July 2018 IASB meeting notes posted

23 Jul 2018

The IASB met on Tuesday 17 and Wednesday 18 July 2018 to discuss nine topics. We have posted our comprehensive Deloitte observer notes for all projects discussed during the meeting.

Rate-regulated Activities

The Board supported the recommendation that the model should apply the same measurement requirements for regulatory liabilities and regulatory assets. The Board supported the other staff recommendations subject to (i) the development of further guidance to help entities assess which measurement method would provide the best outcome; and (ii) consideration that not all timing differences would be subject to the thought-process developed to assess significant financing components.

Management Commentary

The staff gave an update on the project to revise the Management Commentary Practice Statement. The membership of the Management Commentary Consultative Group was announced on 10 July 2018. An Exposure Draft for a revised Practice Statement can be expected in 2020.

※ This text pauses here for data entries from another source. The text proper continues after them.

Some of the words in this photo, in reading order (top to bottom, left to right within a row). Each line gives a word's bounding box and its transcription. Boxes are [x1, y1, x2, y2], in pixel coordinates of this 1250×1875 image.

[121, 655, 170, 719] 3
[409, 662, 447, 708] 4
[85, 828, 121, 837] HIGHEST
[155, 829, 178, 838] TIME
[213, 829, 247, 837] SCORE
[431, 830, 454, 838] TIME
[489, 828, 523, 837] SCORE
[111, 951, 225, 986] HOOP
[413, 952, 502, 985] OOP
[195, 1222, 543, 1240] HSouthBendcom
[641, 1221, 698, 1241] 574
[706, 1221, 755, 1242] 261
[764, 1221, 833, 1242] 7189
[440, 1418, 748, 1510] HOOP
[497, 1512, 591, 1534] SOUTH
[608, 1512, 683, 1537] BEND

Business Combinations under Common Control

The staff gave an oral update of the project, including feedback from the recent ASAF meeting.

Conceptual Framework

This Board discussed a paper analysing when and how preparers of financial statements should refer to the new Conceptual Framework for assistance in developing accounting policies. No decisions were made.  

Implementation

The Board supported the IFRS Interpretations Committee’s proposal to amend IAS 37 to specify that the ‘cost of fulfilling’ a contract comprises the ‘costs that relate directly to the contract’.

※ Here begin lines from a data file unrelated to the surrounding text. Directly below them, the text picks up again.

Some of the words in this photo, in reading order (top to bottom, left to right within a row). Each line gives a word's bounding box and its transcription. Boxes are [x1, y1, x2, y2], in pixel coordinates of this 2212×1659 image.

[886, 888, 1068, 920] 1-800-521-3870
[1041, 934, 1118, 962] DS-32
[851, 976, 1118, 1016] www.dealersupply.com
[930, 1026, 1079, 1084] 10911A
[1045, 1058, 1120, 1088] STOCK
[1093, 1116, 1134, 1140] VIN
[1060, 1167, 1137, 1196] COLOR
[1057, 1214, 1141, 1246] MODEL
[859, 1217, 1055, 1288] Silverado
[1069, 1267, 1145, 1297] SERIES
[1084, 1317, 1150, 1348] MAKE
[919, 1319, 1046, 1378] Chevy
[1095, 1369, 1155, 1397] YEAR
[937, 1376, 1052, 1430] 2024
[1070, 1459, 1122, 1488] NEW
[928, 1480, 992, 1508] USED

The Board supported the staff recommendation to start a narrow-scope project to address commodity loans. The Board also decided to ask the Interpretations Committee to consider how an entity should apply existing IFRS requirements to holdings of cryptocurrencies, mining and ICOs.

Goodwill and Impairment

The Board discussed how to focus its work on the Goodwill and Impairment research project and decided to identify improvements to the disclosure requirements; pursue changes to the value in use calculations; not to characterise impairment testing as assessing whether the carrying amount of acquired goodwill is recoverable; and not to remove differences between accounting requirements for internally-generated intangible assets and those for intangible assets acquired in a business combination. 

Disclosure Initiative

This session covered five topics: Definition of Material; Targeted Standards-level Review of Disclosures—Guidance for the Board—Drafting Disclosure Requirements; Accounting Policy Disclosure; Location of Information; Technology and Digital Reporting Considerations.

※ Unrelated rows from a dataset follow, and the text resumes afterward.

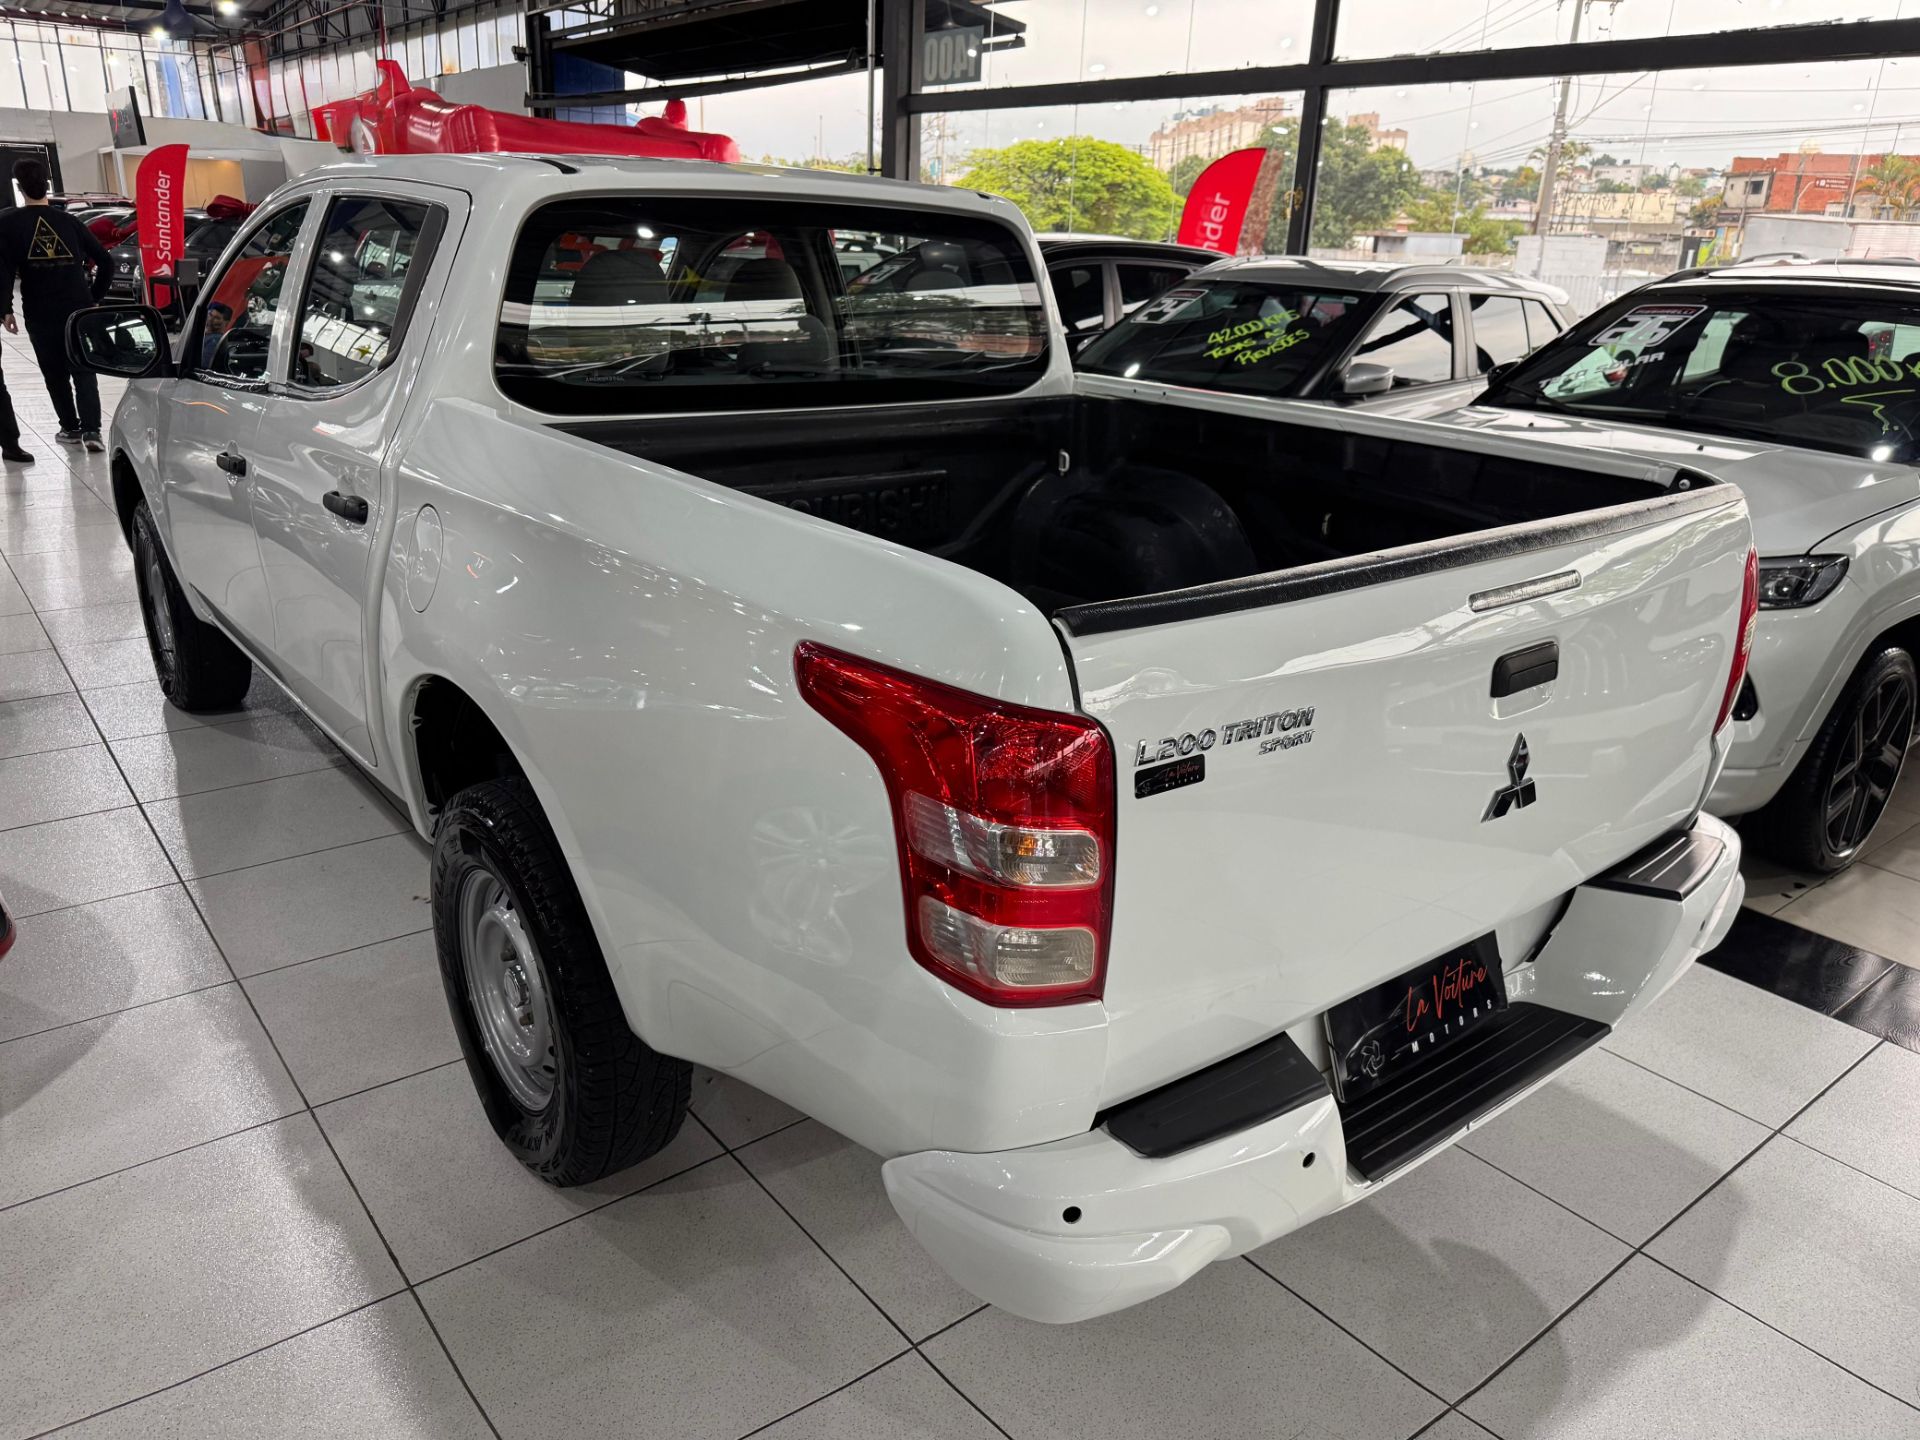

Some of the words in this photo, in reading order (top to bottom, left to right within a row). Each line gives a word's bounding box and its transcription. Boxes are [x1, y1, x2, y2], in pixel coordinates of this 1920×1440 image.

[154, 170, 171, 261] Santander
[1207, 319, 1264, 345] 42.000
[1596, 316, 1684, 344] 26
[1594, 352, 1666, 374] SOLAR
[1771, 354, 1904, 395] 8.000
[1134, 728, 1217, 767] L200
[1222, 706, 1316, 746] TRITON
[1259, 729, 1316, 755] SPORT
[1433, 958, 1488, 1019] Voiture
[1411, 999, 1492, 1053] MOTORS

  • The Board decided to complete the proposal to amend the definition of material so as to make the changes effective for periods beginning on or after 1 January 2020.
  • In relation to the guidance for the Board on how to draft disclosure requirements, the Board made several decisions about when to use prescriptive language, ways to improve consistency of wording and how to organise the disclosure requirements within a Standard. The Board decided to use IAS 19 Employee Benefits and IFRS 13 Fair Value Measurement to test the new approach.
  • The Board had reservations about amending IAS 1:117–124 to require entities to disclose their material accounting policies rather than their significant accounting policies and asked the staff for some examples. The Board will develop related guidance and examples for inclusion in the Materiality Practice Statement.
  • The Board decided not to develop requirements about IFRS information outside the financial statements or non-IFRS information inside the financial statements.
  • The Board decided that its guidance should include relevant matters to consider when developing and drafting disclosure objectives and requirements. The broader implications of technology on financial reporting will be considered as part of the IFRS Foundation’s Technology Initiative.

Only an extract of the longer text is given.